**What you have to do**
If an entry includes an image, drop the image and copy the rest verbatim.
# # # # # # #
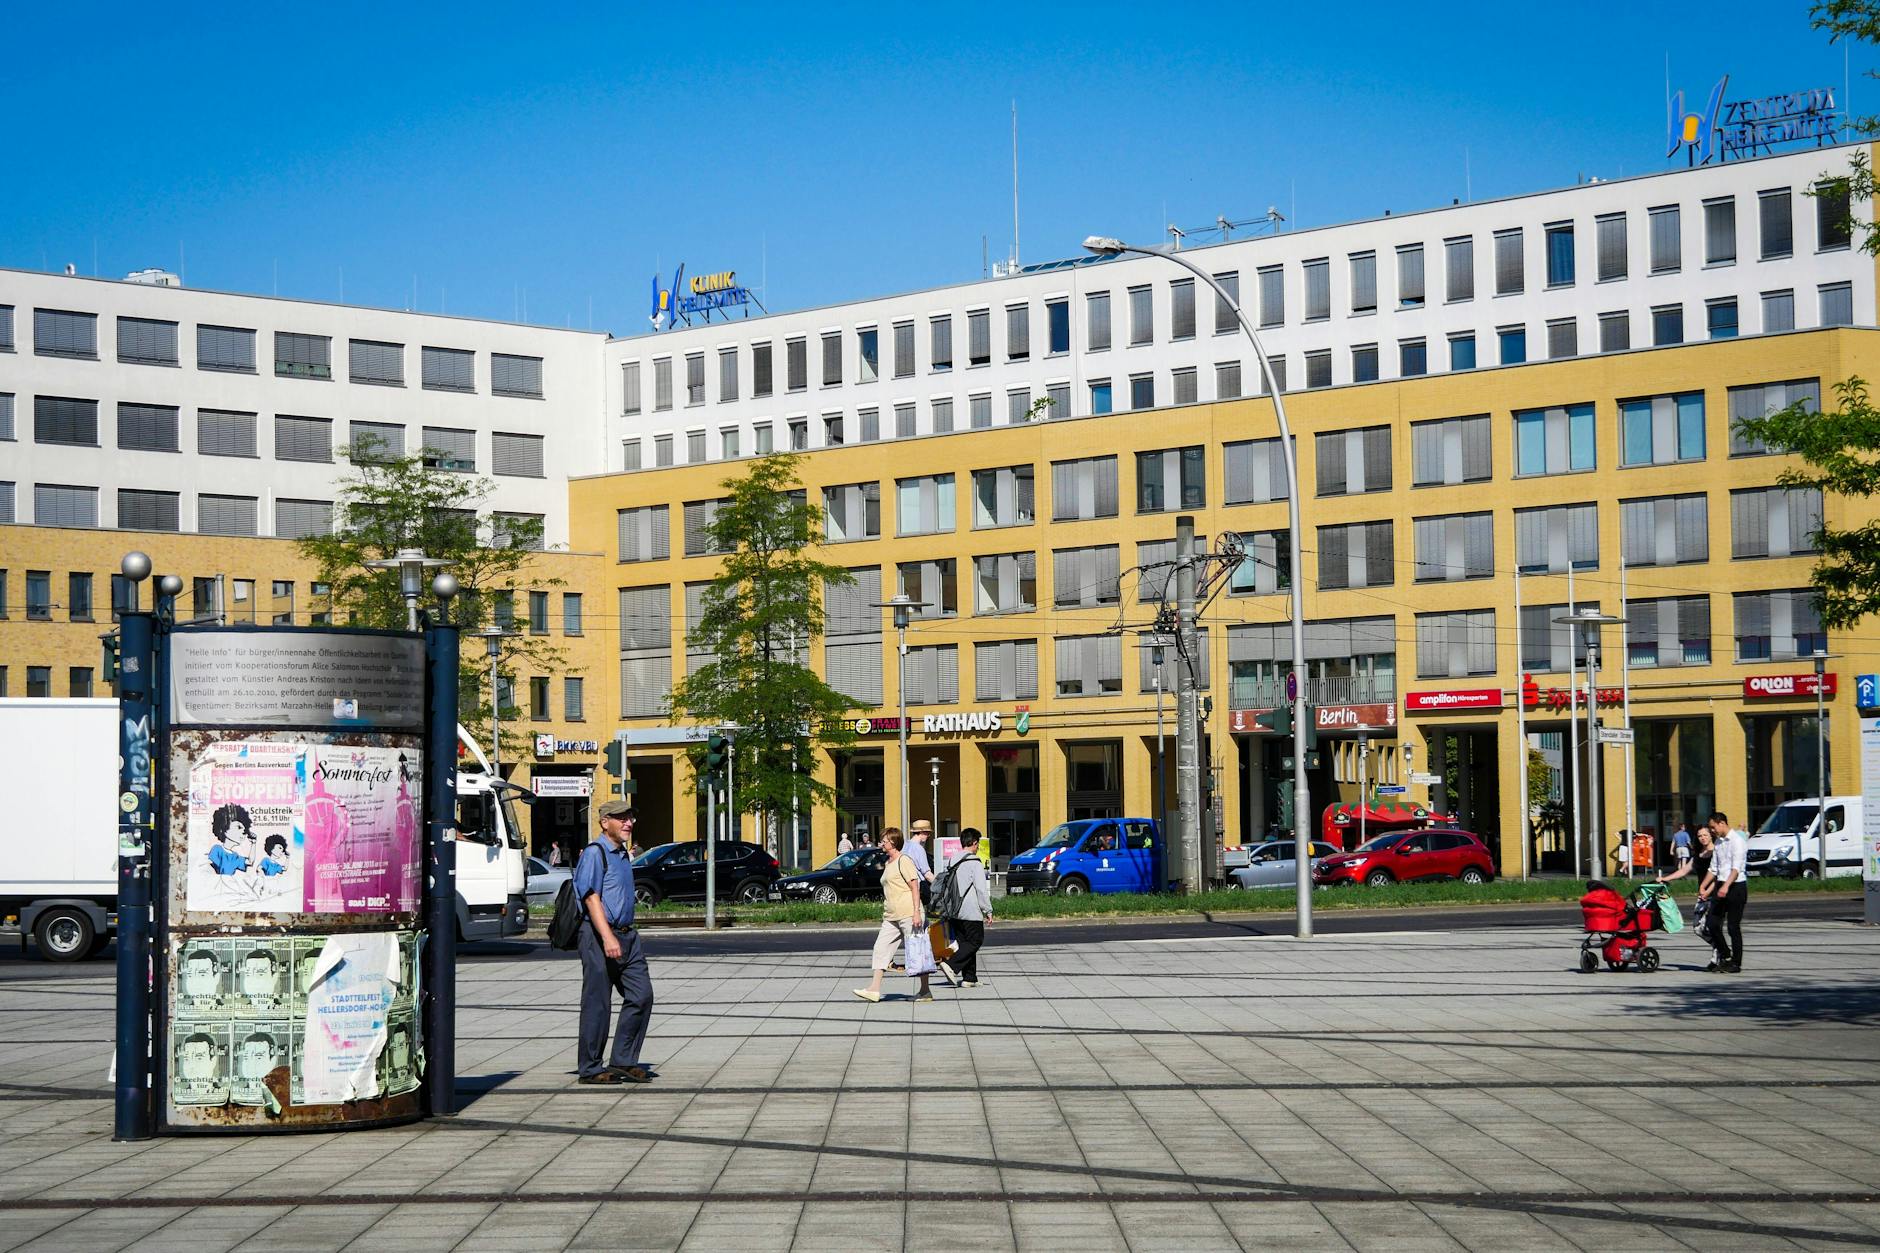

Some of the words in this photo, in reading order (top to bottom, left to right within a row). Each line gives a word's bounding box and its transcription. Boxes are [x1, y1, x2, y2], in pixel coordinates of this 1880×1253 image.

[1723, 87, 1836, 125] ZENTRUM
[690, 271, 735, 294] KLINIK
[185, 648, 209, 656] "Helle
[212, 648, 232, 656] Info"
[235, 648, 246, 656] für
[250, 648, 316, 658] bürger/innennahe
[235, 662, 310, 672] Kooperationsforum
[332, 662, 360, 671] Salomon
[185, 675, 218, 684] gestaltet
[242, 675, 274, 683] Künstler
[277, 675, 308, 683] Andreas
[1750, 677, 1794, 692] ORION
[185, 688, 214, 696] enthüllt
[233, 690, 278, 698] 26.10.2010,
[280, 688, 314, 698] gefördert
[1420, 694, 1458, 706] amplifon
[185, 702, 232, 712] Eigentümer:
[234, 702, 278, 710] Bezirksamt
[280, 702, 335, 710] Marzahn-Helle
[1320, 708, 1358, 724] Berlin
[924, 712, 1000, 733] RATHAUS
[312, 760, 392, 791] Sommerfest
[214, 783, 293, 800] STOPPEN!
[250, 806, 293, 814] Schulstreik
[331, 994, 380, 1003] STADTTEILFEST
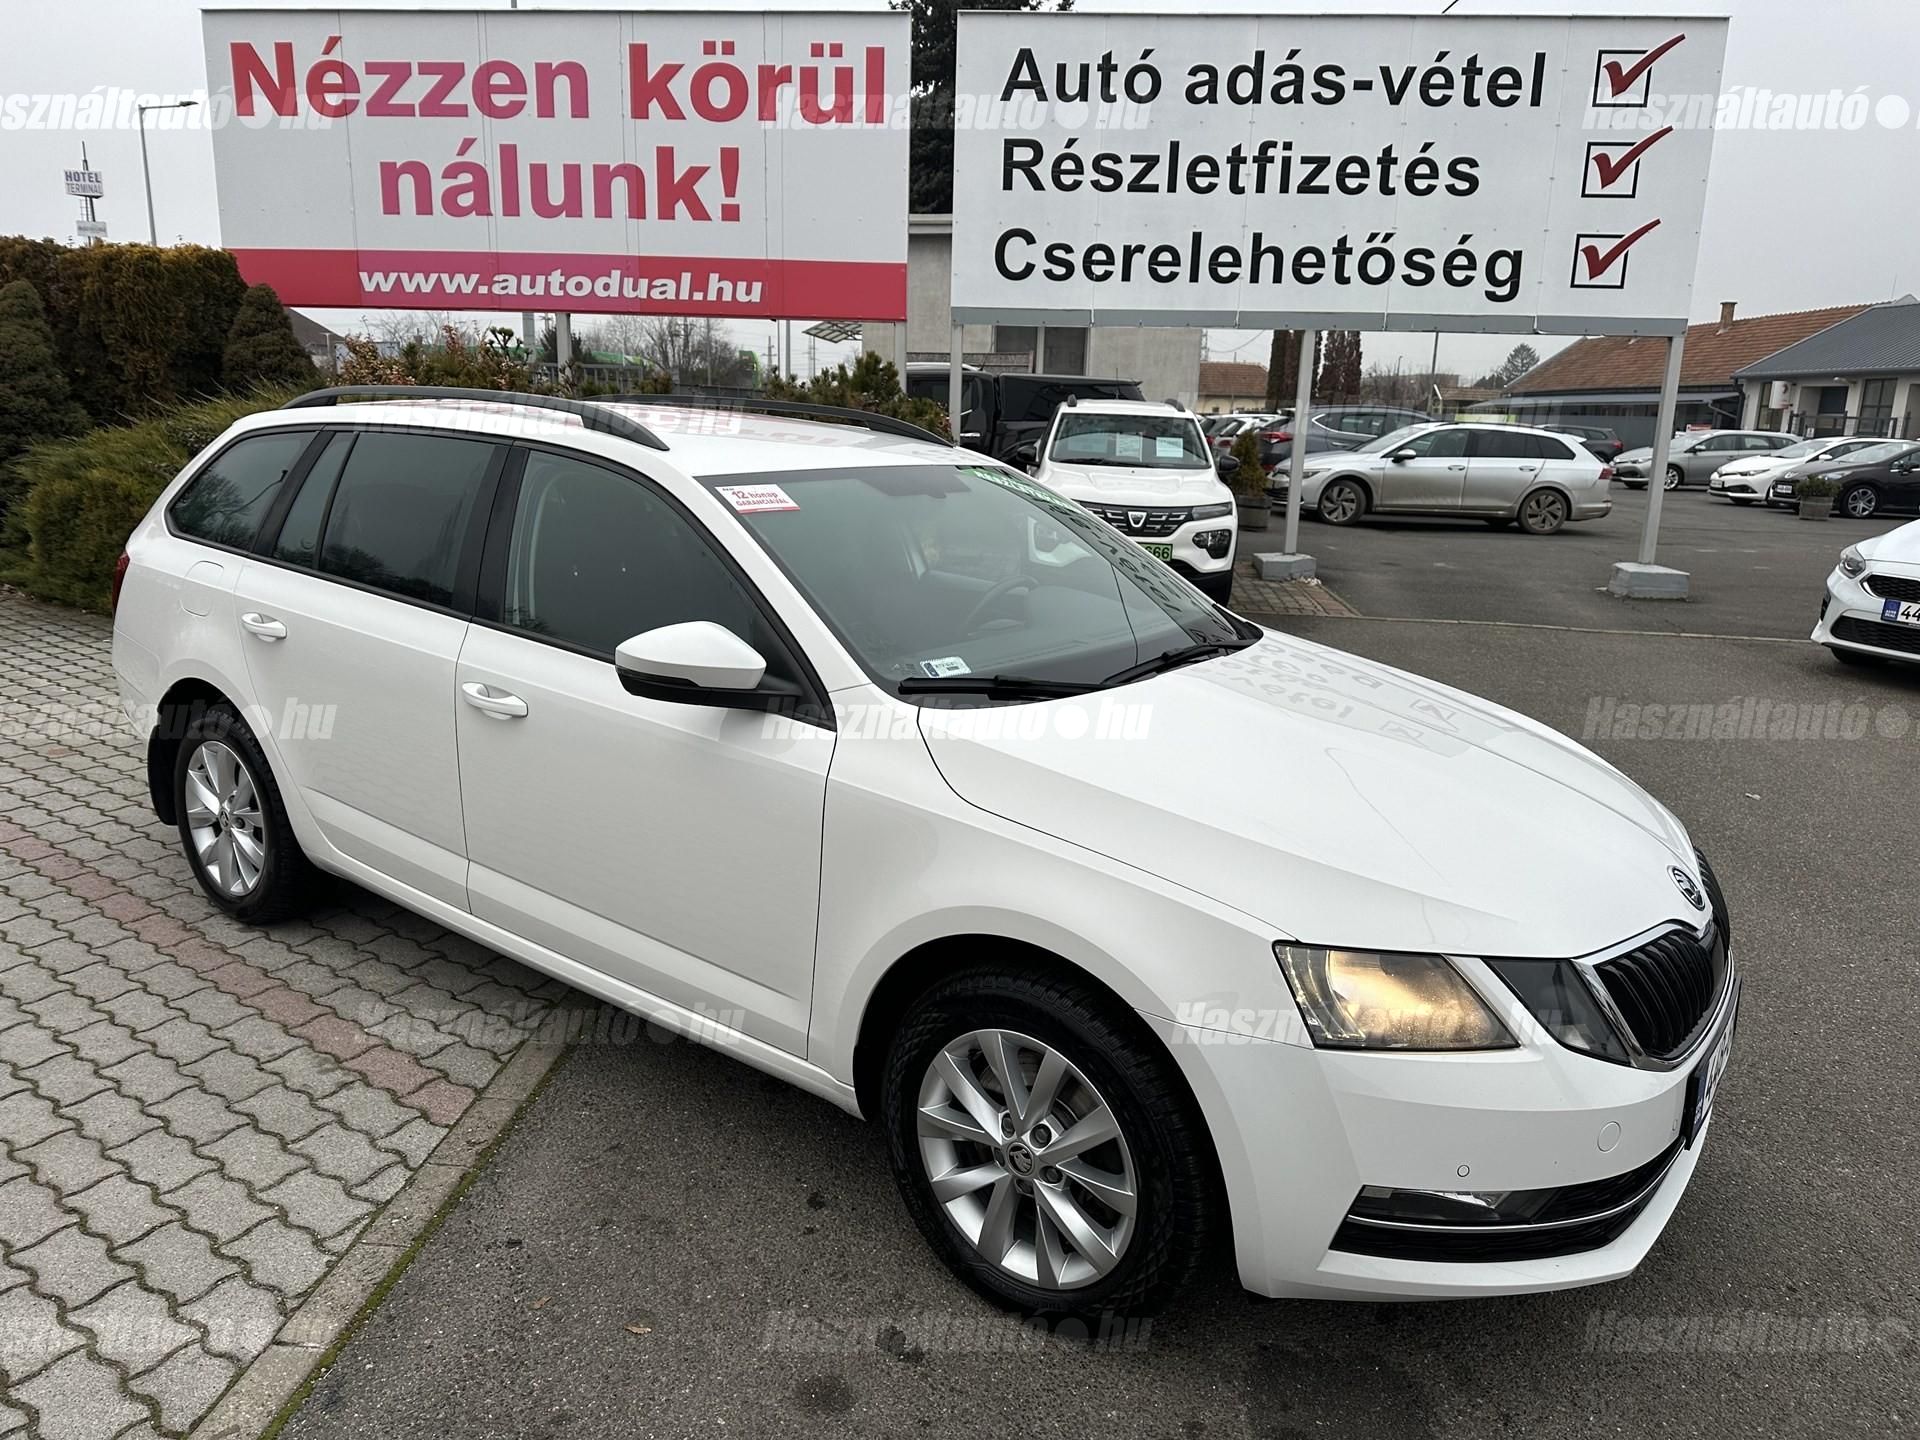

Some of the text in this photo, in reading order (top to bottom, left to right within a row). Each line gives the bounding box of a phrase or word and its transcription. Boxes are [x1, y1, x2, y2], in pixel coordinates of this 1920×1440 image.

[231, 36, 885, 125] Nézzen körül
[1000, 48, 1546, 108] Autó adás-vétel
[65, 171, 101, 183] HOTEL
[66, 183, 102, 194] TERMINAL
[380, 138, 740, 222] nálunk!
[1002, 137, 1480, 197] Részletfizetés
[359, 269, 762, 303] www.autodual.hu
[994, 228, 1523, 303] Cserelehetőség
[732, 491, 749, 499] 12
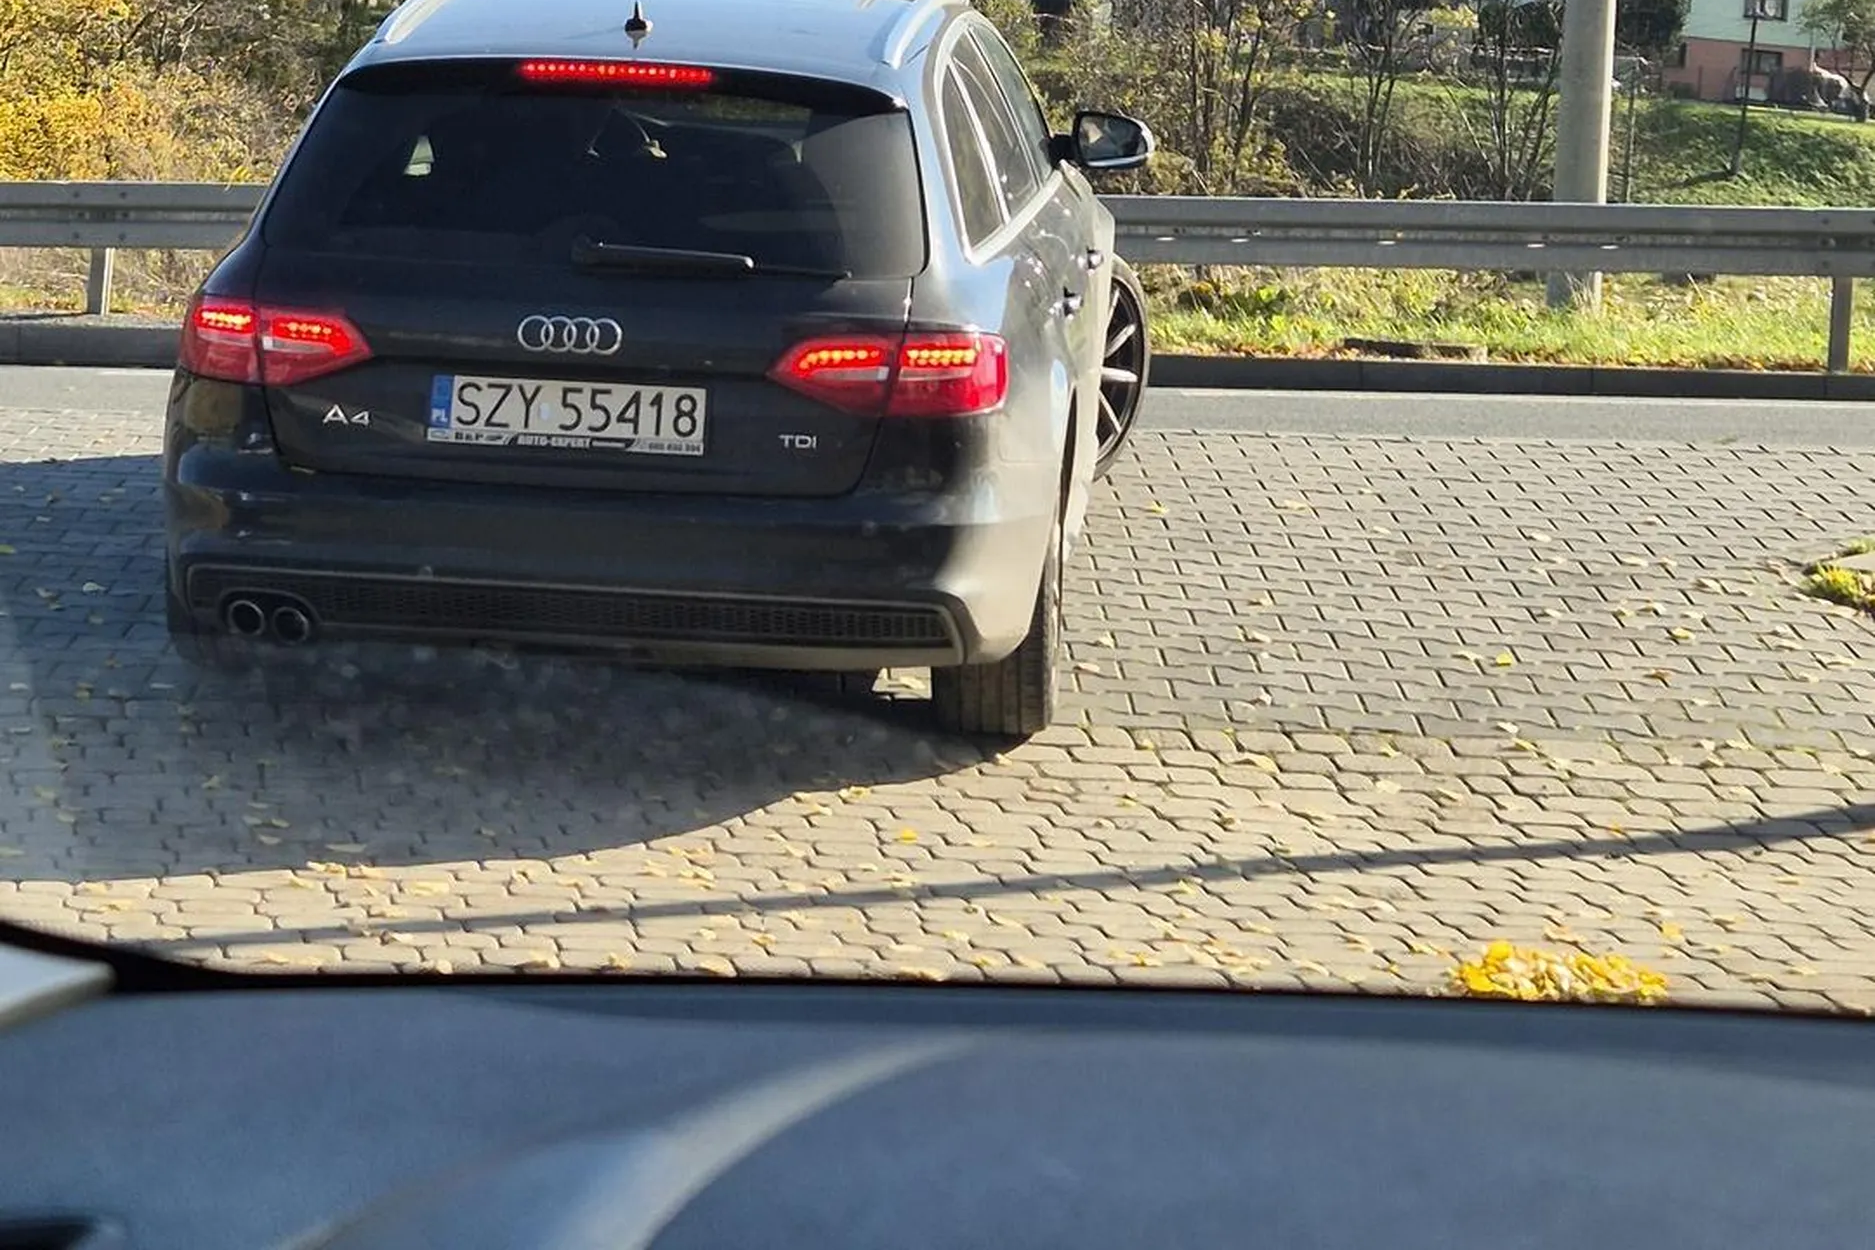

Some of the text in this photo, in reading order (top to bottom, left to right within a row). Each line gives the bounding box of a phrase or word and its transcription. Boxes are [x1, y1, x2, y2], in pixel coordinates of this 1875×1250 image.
# # # # # # #
**Result below**
Some of the words in this photo, in reading order (top to bottom, left to right within a row). Each line gives a word's bounding box and its transcription. Boxes are [x1, y1, x2, y2], in pixel coordinates of this 1880×1253 image.

[1723, 87, 1836, 125] ZENTRUM
[690, 271, 735, 294] KLINIK
[185, 648, 209, 656] "Helle
[212, 648, 232, 656] Info"
[235, 648, 246, 656] für
[250, 648, 316, 658] bürger/innennahe
[235, 662, 310, 672] Kooperationsforum
[332, 662, 360, 671] Salomon
[185, 675, 218, 684] gestaltet
[242, 675, 274, 683] Künstler
[277, 675, 308, 683] Andreas
[1750, 677, 1794, 692] ORION
[185, 688, 214, 696] enthüllt
[233, 690, 278, 698] 26.10.2010,
[280, 688, 314, 698] gefördert
[1420, 694, 1458, 706] amplifon
[185, 702, 232, 712] Eigentümer:
[234, 702, 278, 710] Bezirksamt
[280, 702, 335, 710] Marzahn-Helle
[1320, 708, 1358, 724] Berlin
[924, 712, 1000, 733] RATHAUS
[312, 760, 392, 791] Sommerfest
[214, 783, 293, 800] STOPPEN!
[250, 806, 293, 814] Schulstreik
[331, 994, 380, 1003] STADTTEILFEST

Some of the text in this photo, in reading order (top to bottom, left to right within a row). Each line gives the bounding box of a phrase or word and its transcription. Boxes are [x1, y1, x2, y2], in pixel coordinates of this 1920×1440 image.

[231, 36, 885, 125] Nézzen körül
[1000, 48, 1546, 108] Autó adás-vétel
[65, 171, 101, 183] HOTEL
[66, 183, 102, 194] TERMINAL
[380, 138, 740, 222] nálunk!
[1002, 137, 1480, 197] Részletfizetés
[359, 269, 762, 303] www.autodual.hu
[994, 228, 1523, 303] Cserelehetőség
[732, 491, 749, 499] 12

Some of the text in this photo, in reading order (top to bottom, left to right within a row). Each line gives the bounding box of a phrase or word and its transcription. Boxes are [x1, y1, x2, y2], in pixel coordinates of this 1875×1250 image.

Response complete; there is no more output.